[[ ENTRIES SUPPLIED, beginning ]]

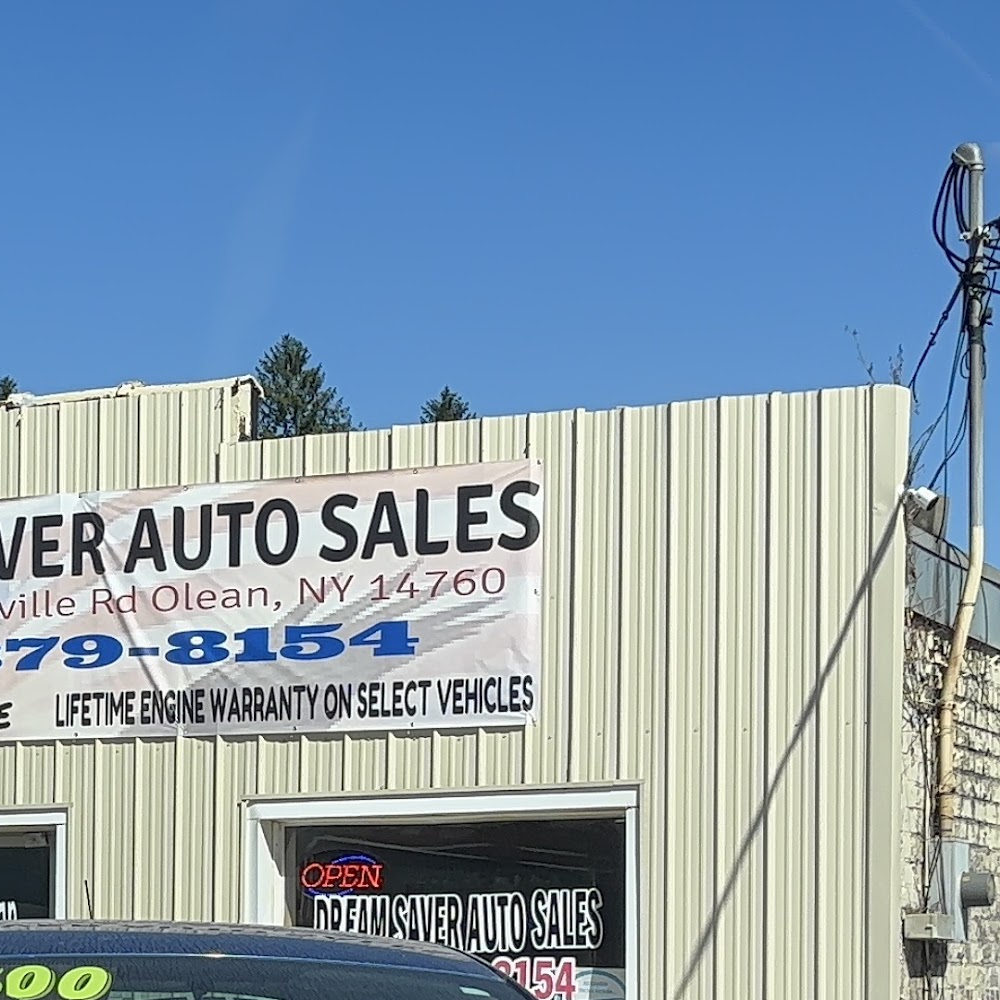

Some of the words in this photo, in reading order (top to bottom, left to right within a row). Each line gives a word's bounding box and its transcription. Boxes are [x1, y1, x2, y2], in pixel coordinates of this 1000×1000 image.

[124, 498, 300, 573] AUTO
[319, 481, 541, 562] SALES
[91, 588, 137, 615] Rd
[153, 582, 282, 614] Olean,
[300, 574, 355, 604] NY
[371, 567, 506, 601] 14760
[55, 691, 135, 727] LIFETIME
[140, 689, 205, 724] ENGINE
[211, 684, 319, 722] WARRANTY
[324, 683, 353, 719] ON
[357, 679, 432, 718] SELECT
[437, 675, 534, 714] VEHICLES
[302, 863, 384, 889] OPEN
[314, 895, 390, 939] DREAM
[392, 894, 466, 951] SAVER
[465, 891, 527, 953] AUTO
[531, 887, 603, 949] SALES
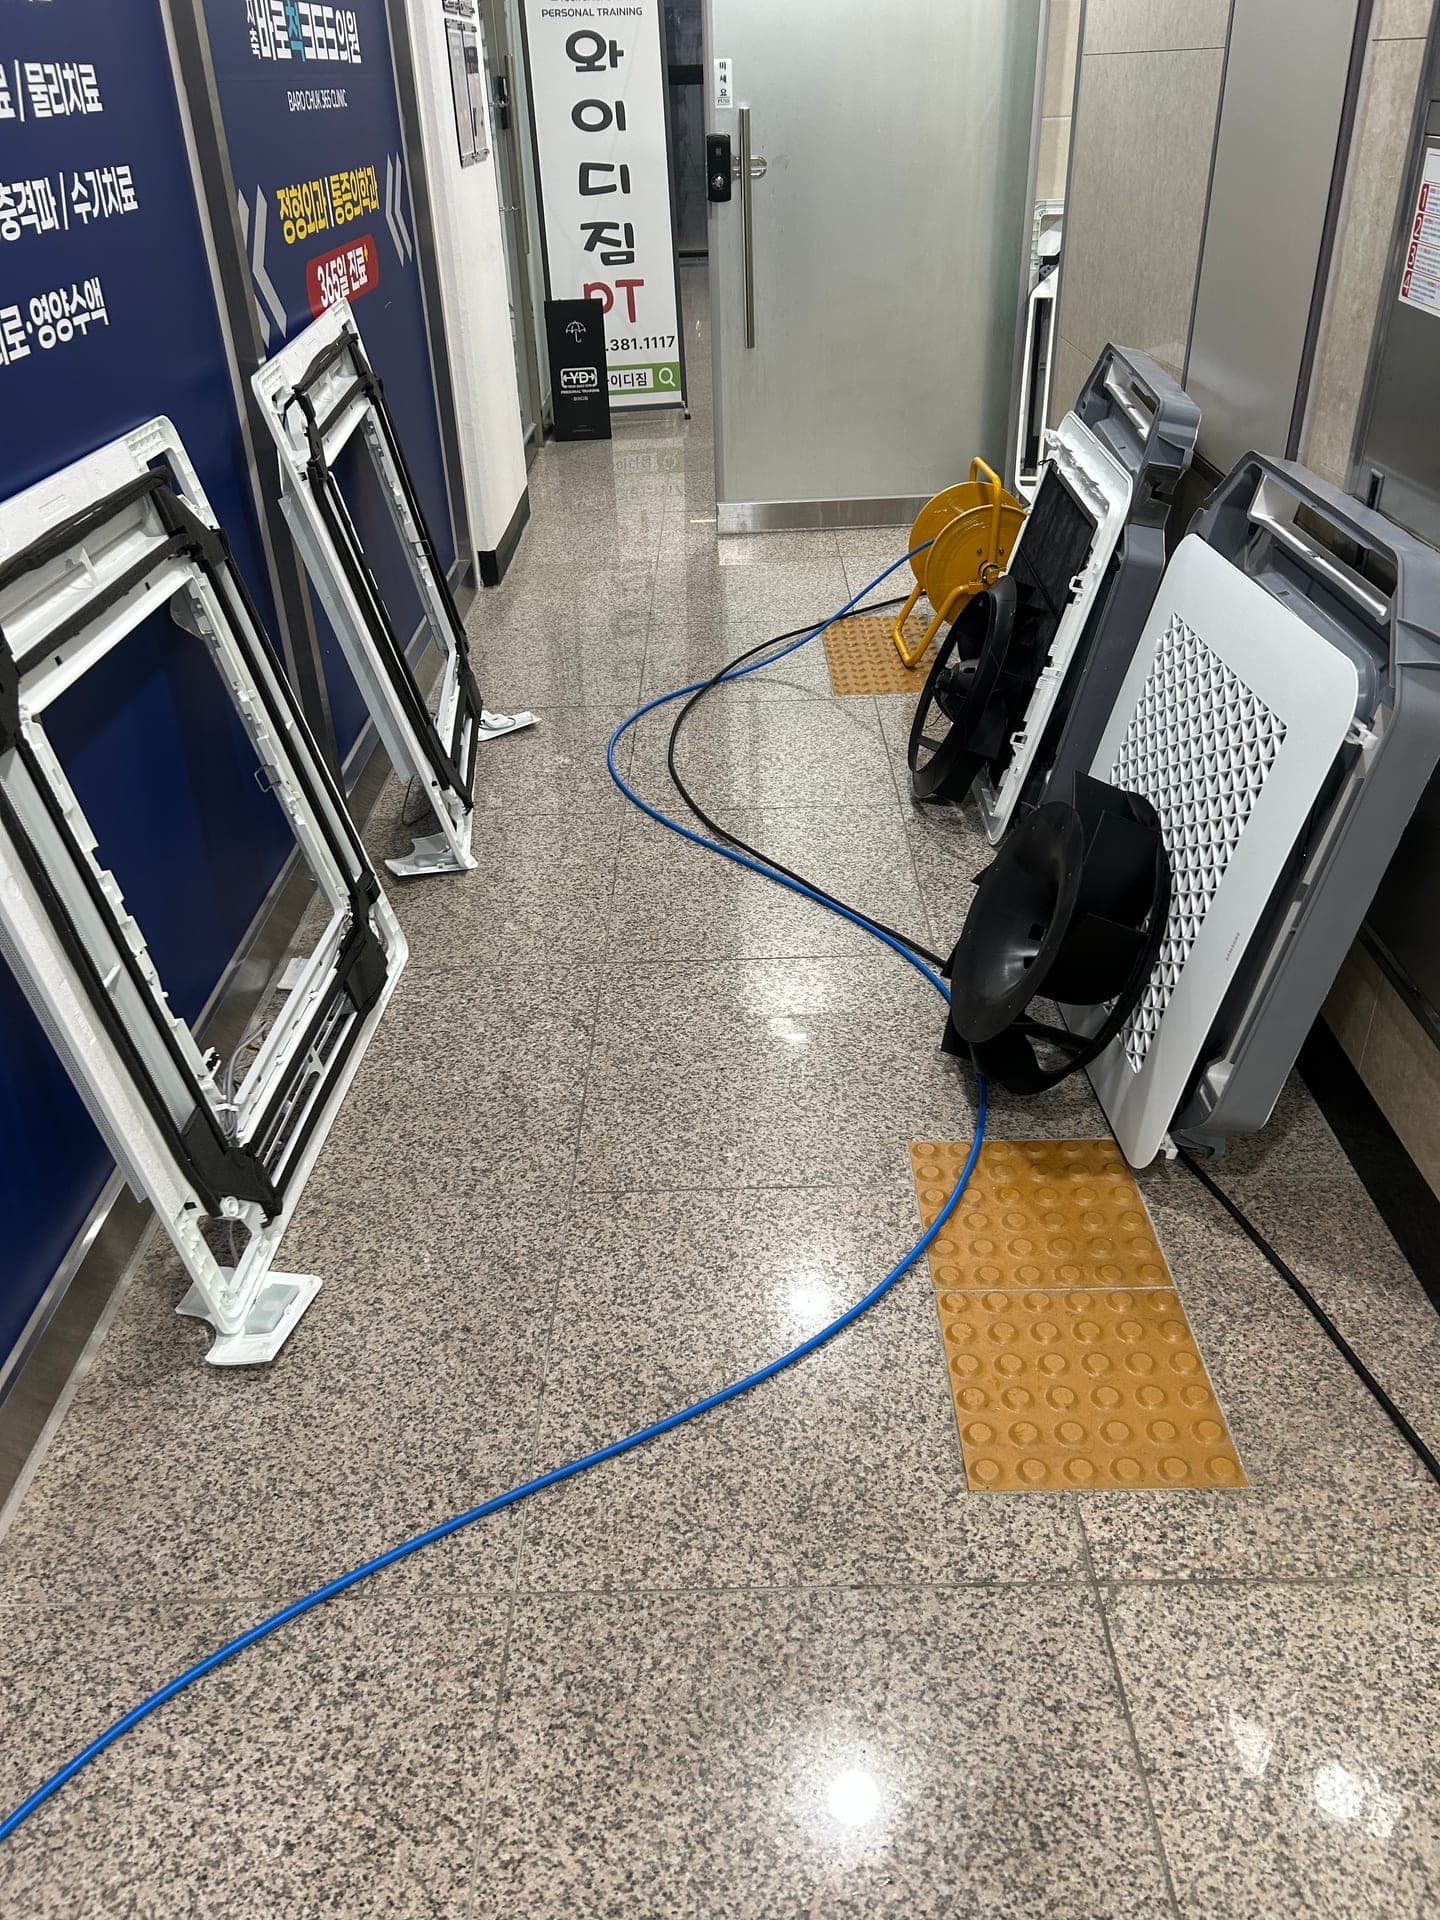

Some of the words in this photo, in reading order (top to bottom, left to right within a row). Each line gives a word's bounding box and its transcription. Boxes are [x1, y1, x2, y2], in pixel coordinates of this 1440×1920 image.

[541, 8, 595, 18] PERSONAL
[597, 7, 643, 17] TRAINING
[24, 62, 104, 118] 물리치료
[287, 90, 306, 112] BARO
[71, 165, 139, 224] 수기치료
[276, 178, 329, 245] 정형외과
[329, 165, 380, 225] 통증의학과
[317, 254, 350, 308] 365일
[607, 372, 648, 388] 이디짐
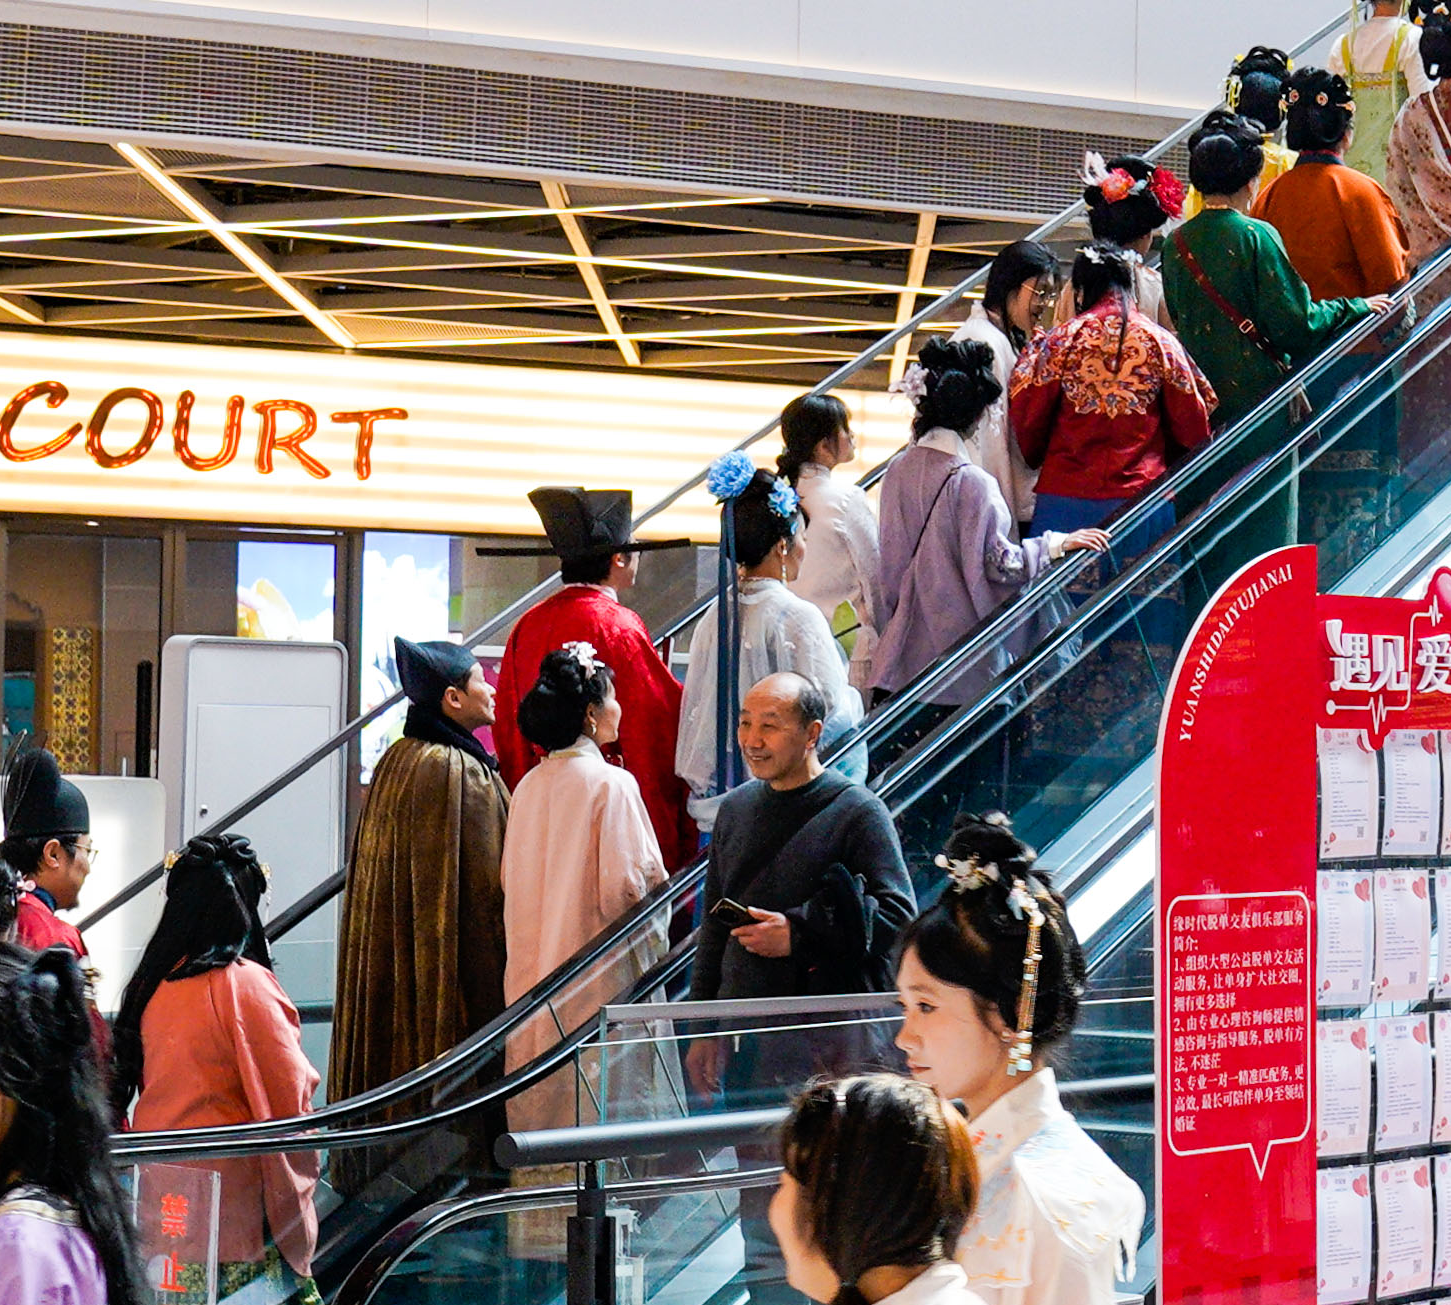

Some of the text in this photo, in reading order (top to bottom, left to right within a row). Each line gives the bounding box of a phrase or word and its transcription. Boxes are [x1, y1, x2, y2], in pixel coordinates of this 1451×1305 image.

[1173, 910, 1304, 933] 缘时代脱单交友俱乐部服务
[1173, 948, 1305, 972] 1、组织大型公益脱单交友活
[1173, 993, 1237, 1013] 拥有更多选择
[1173, 1006, 1305, 1033] 2、由专业心理咨询师提供情
[1173, 1114, 1197, 1133] 婚证
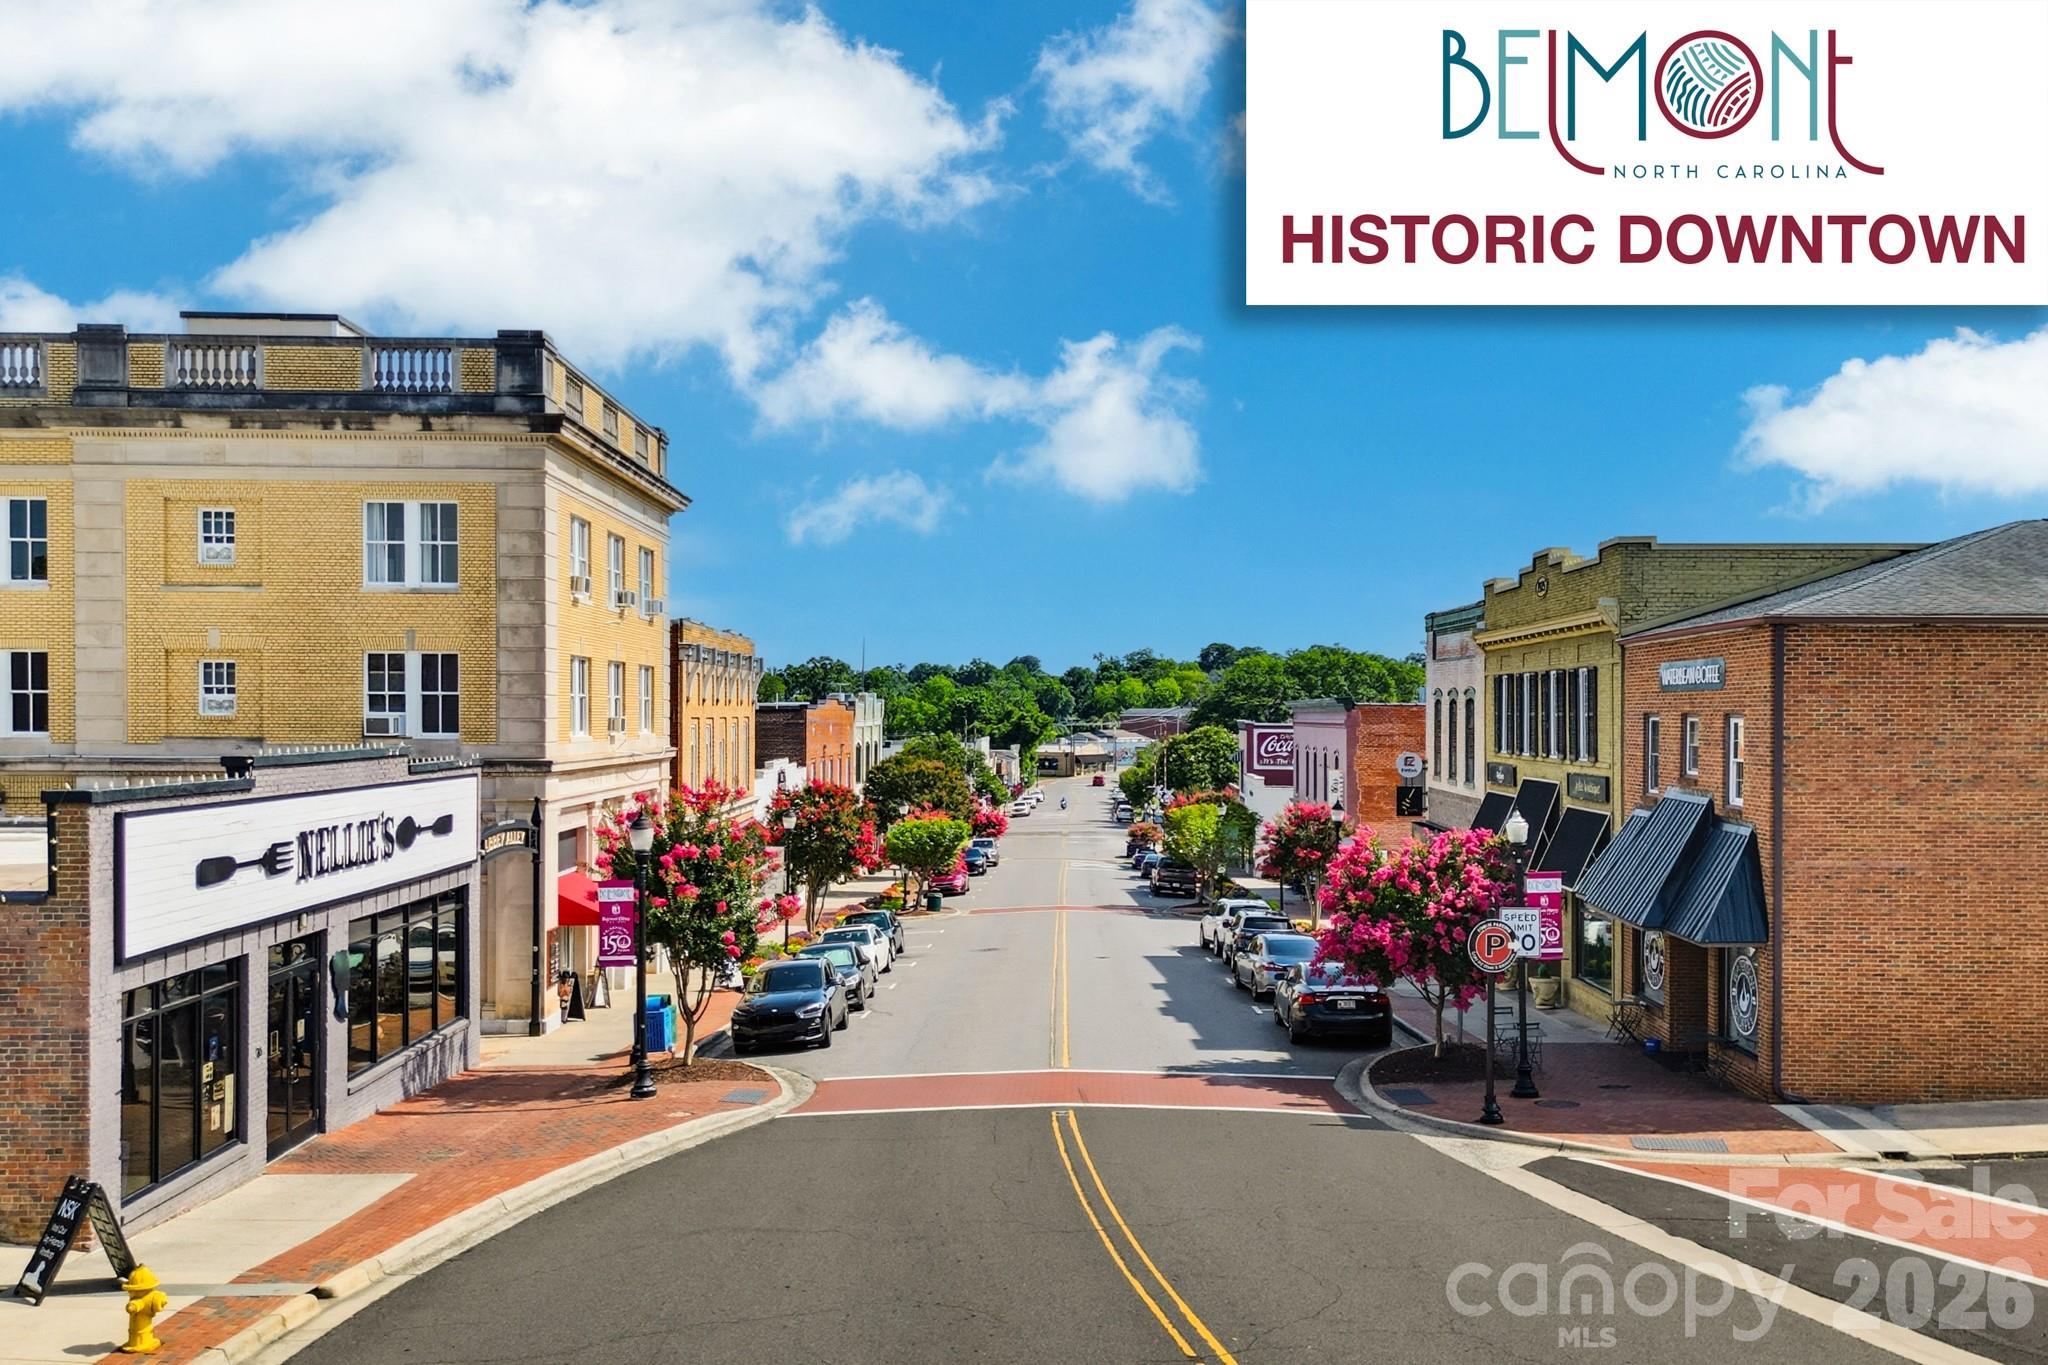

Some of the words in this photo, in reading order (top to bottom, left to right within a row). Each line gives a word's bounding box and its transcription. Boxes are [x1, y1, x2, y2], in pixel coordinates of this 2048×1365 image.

[1696, 664, 1720, 684] COFFEE
[296, 810, 396, 884] NELLIE'S
[1504, 913, 1537, 922] SPEED
[601, 935, 631, 955] 150
[1485, 933, 1506, 957] P
[57, 1198, 81, 1220] NSK

[[ ENTRIES SUPPLIED, end ]]

WORK ORDER:
A word-for-word repeat is expected of the lines from the one with "this 1440×1920 image." to the end of the data, both included; pictures are not part of it.

WRITTEN RESPONSE:
Some of the words in this photo, in reading order (top to bottom, left to right within a row). Each line gives a word's bounding box and its transcription. Boxes are [x1, y1, x2, y2], in pixel coordinates of this 1440×1920 image.

[541, 8, 595, 18] PERSONAL
[597, 7, 643, 17] TRAINING
[24, 62, 104, 118] 물리치료
[287, 90, 306, 112] BARO
[71, 165, 139, 224] 수기치료
[276, 178, 329, 245] 정형외과
[329, 165, 380, 225] 통증의학과
[317, 254, 350, 308] 365일
[607, 372, 648, 388] 이디짐

Some of the text in this photo, in reading order (top to bottom, left to right within a row). Each line gives the bounding box of a phrase or word and its transcription. Boxes are [x1, y1, x2, y2], in pixel coordinates of this 1451×1305 image.

[1173, 910, 1304, 933] 缘时代脱单交友俱乐部服务
[1173, 948, 1305, 972] 1、组织大型公益脱单交友活
[1173, 993, 1237, 1013] 拥有更多选择
[1173, 1006, 1305, 1033] 2、由专业心理咨询师提供情
[1173, 1114, 1197, 1133] 婚证

Some of the words in this photo, in reading order (top to bottom, left to right within a row). Each line gives a word's bounding box and its transcription. Boxes are [x1, y1, x2, y2], in pixel coordinates of this 2048×1365 image.

[1696, 664, 1720, 684] COFFEE
[296, 810, 396, 884] NELLIE'S
[1504, 913, 1537, 922] SPEED
[601, 935, 631, 955] 150
[1485, 933, 1506, 957] P
[57, 1198, 81, 1220] NSK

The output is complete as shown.